Without changing a single character, copy every record below.
[INPUT FOR THIS TASK]
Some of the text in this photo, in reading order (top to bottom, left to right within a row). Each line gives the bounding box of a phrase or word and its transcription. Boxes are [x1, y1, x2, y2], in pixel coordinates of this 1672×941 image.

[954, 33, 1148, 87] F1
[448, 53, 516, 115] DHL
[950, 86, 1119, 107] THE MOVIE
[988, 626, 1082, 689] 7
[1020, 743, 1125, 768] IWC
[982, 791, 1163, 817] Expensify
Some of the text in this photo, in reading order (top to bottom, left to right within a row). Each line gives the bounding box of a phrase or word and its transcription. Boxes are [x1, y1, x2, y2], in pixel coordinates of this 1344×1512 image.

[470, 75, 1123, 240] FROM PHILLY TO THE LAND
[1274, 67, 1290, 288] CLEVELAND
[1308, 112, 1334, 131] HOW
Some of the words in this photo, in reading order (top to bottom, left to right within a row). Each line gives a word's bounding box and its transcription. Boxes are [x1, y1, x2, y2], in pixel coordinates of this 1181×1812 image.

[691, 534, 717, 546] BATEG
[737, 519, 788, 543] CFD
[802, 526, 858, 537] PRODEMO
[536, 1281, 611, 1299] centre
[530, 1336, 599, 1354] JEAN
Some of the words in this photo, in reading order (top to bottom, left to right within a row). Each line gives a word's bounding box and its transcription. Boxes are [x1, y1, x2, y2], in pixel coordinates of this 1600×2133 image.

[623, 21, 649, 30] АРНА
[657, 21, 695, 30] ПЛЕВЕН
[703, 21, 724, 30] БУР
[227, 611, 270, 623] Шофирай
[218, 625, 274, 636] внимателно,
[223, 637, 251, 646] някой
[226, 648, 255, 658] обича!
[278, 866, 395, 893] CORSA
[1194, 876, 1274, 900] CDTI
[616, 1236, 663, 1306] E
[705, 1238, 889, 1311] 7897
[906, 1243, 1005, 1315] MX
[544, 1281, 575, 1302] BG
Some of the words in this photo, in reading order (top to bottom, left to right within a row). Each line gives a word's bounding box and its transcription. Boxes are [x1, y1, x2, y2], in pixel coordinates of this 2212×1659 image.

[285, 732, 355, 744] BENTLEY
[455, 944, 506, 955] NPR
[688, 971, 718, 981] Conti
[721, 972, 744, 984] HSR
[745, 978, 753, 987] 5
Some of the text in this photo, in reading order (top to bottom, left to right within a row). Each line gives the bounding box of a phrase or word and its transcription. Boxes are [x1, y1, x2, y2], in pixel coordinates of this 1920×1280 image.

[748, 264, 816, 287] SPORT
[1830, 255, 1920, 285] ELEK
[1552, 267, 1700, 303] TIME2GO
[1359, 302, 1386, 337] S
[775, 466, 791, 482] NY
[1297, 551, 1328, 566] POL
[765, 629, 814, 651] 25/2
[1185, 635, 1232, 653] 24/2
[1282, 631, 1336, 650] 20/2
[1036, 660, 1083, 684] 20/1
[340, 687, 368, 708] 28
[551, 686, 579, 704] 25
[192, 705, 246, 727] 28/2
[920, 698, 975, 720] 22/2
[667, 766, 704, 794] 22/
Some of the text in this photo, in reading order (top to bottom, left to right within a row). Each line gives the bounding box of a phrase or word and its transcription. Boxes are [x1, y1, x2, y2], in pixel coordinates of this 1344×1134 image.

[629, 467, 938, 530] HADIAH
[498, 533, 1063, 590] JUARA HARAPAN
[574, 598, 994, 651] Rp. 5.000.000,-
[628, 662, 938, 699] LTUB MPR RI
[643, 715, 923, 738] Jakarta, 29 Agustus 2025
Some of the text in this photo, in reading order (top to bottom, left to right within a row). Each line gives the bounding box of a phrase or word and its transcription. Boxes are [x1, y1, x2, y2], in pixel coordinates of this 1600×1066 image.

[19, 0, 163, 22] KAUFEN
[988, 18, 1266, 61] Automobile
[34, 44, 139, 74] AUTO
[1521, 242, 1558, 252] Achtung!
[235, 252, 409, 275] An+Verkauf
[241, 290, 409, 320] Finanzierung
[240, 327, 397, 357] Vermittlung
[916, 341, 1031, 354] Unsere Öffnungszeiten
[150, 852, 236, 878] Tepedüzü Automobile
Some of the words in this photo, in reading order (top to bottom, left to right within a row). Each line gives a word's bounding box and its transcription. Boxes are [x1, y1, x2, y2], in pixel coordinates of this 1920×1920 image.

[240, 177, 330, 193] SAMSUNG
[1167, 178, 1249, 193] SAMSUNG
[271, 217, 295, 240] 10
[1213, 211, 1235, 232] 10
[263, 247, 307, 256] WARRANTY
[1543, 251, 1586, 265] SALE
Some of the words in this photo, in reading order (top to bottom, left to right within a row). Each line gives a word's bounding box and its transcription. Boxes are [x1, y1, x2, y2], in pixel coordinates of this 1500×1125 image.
[/INPUT FOR THIS TASK]
> _REPLY TO THE TASK_:
Some of the text in this photo, in reading order (top to bottom, left to right within a row). Each line gives the bounding box of a phrase or word and its transcription. Boxes are [x1, y1, x2, y2], in pixel coordinates of this 1672×941 image.

[954, 33, 1148, 87] F1
[448, 53, 516, 115] DHL
[950, 86, 1119, 107] THE MOVIE
[988, 626, 1082, 689] 7
[1020, 743, 1125, 768] IWC
[982, 791, 1163, 817] Expensify
Some of the text in this photo, in reading order (top to bottom, left to right within a row). Each line gives the bounding box of a phrase or word and its transcription. Boxes are [x1, y1, x2, y2], in pixel coordinates of this 1344×1512 image.

[470, 75, 1123, 240] FROM PHILLY TO THE LAND
[1274, 67, 1290, 288] CLEVELAND
[1308, 112, 1334, 131] HOW
Some of the words in this photo, in reading order (top to bottom, left to right within a row). Each line gives a word's bounding box and its transcription. Boxes are [x1, y1, x2, y2], in pixel coordinates of this 1181×1812 image.

[691, 534, 717, 546] BATEG
[737, 519, 788, 543] CFD
[802, 526, 858, 537] PRODEMO
[536, 1281, 611, 1299] centre
[530, 1336, 599, 1354] JEAN
Some of the words in this photo, in reading order (top to bottom, left to right within a row). Each line gives a word's bounding box and its transcription. Boxes are [x1, y1, x2, y2], in pixel coordinates of this 1600×2133 image.

[623, 21, 649, 30] АРНА
[657, 21, 695, 30] ПЛЕВЕН
[703, 21, 724, 30] БУР
[227, 611, 270, 623] Шофирай
[218, 625, 274, 636] внимателно,
[223, 637, 251, 646] някой
[226, 648, 255, 658] обича!
[278, 866, 395, 893] CORSA
[1194, 876, 1274, 900] CDTI
[616, 1236, 663, 1306] E
[705, 1238, 889, 1311] 7897
[906, 1243, 1005, 1315] MX
[544, 1281, 575, 1302] BG
Some of the words in this photo, in reading order (top to bottom, left to right within a row). Each line gives a word's bounding box and its transcription. Boxes are [x1, y1, x2, y2], in pixel coordinates of this 2212×1659 image.

[285, 732, 355, 744] BENTLEY
[455, 944, 506, 955] NPR
[688, 971, 718, 981] Conti
[721, 972, 744, 984] HSR
[745, 978, 753, 987] 5
Some of the text in this photo, in reading order (top to bottom, left to right within a row). Each line gives the bounding box of a phrase or word and its transcription. Boxes are [x1, y1, x2, y2], in pixel coordinates of this 1920×1280 image.

[748, 264, 816, 287] SPORT
[1830, 255, 1920, 285] ELEK
[1552, 267, 1700, 303] TIME2GO
[1359, 302, 1386, 337] S
[775, 466, 791, 482] NY
[1297, 551, 1328, 566] POL
[765, 629, 814, 651] 25/2
[1185, 635, 1232, 653] 24/2
[1282, 631, 1336, 650] 20/2
[1036, 660, 1083, 684] 20/1
[340, 687, 368, 708] 28
[551, 686, 579, 704] 25
[192, 705, 246, 727] 28/2
[920, 698, 975, 720] 22/2
[667, 766, 704, 794] 22/
Some of the text in this photo, in reading order (top to bottom, left to right within a row). Each line gives the bounding box of a phrase or word and its transcription. Boxes are [x1, y1, x2, y2], in pixel coordinates of this 1344×1134 image.

[629, 467, 938, 530] HADIAH
[498, 533, 1063, 590] JUARA HARAPAN
[574, 598, 994, 651] Rp. 5.000.000,-
[628, 662, 938, 699] LTUB MPR RI
[643, 715, 923, 738] Jakarta, 29 Agustus 2025
Some of the text in this photo, in reading order (top to bottom, left to right within a row). Each line gives the bounding box of a phrase or word and its transcription. Boxes are [x1, y1, x2, y2], in pixel coordinates of this 1600×1066 image.

[19, 0, 163, 22] KAUFEN
[988, 18, 1266, 61] Automobile
[34, 44, 139, 74] AUTO
[1521, 242, 1558, 252] Achtung!
[235, 252, 409, 275] An+Verkauf
[241, 290, 409, 320] Finanzierung
[240, 327, 397, 357] Vermittlung
[916, 341, 1031, 354] Unsere Öffnungszeiten
[150, 852, 236, 878] Tepedüzü Automobile
Some of the words in this photo, in reading order (top to bottom, left to right within a row). Each line gives a word's bounding box and its transcription. Boxes are [x1, y1, x2, y2], in pixel coordinates of this 1920×1920 image.

[240, 177, 330, 193] SAMSUNG
[1167, 178, 1249, 193] SAMSUNG
[271, 217, 295, 240] 10
[1213, 211, 1235, 232] 10
[263, 247, 307, 256] WARRANTY
[1543, 251, 1586, 265] SALE
Some of the words in this photo, in reading order (top to bottom, left to right within a row). Each line gives a word's bounding box and its transcription. Boxes are [x1, y1, x2, y2], in pixel coordinates of this 1500×1125 image.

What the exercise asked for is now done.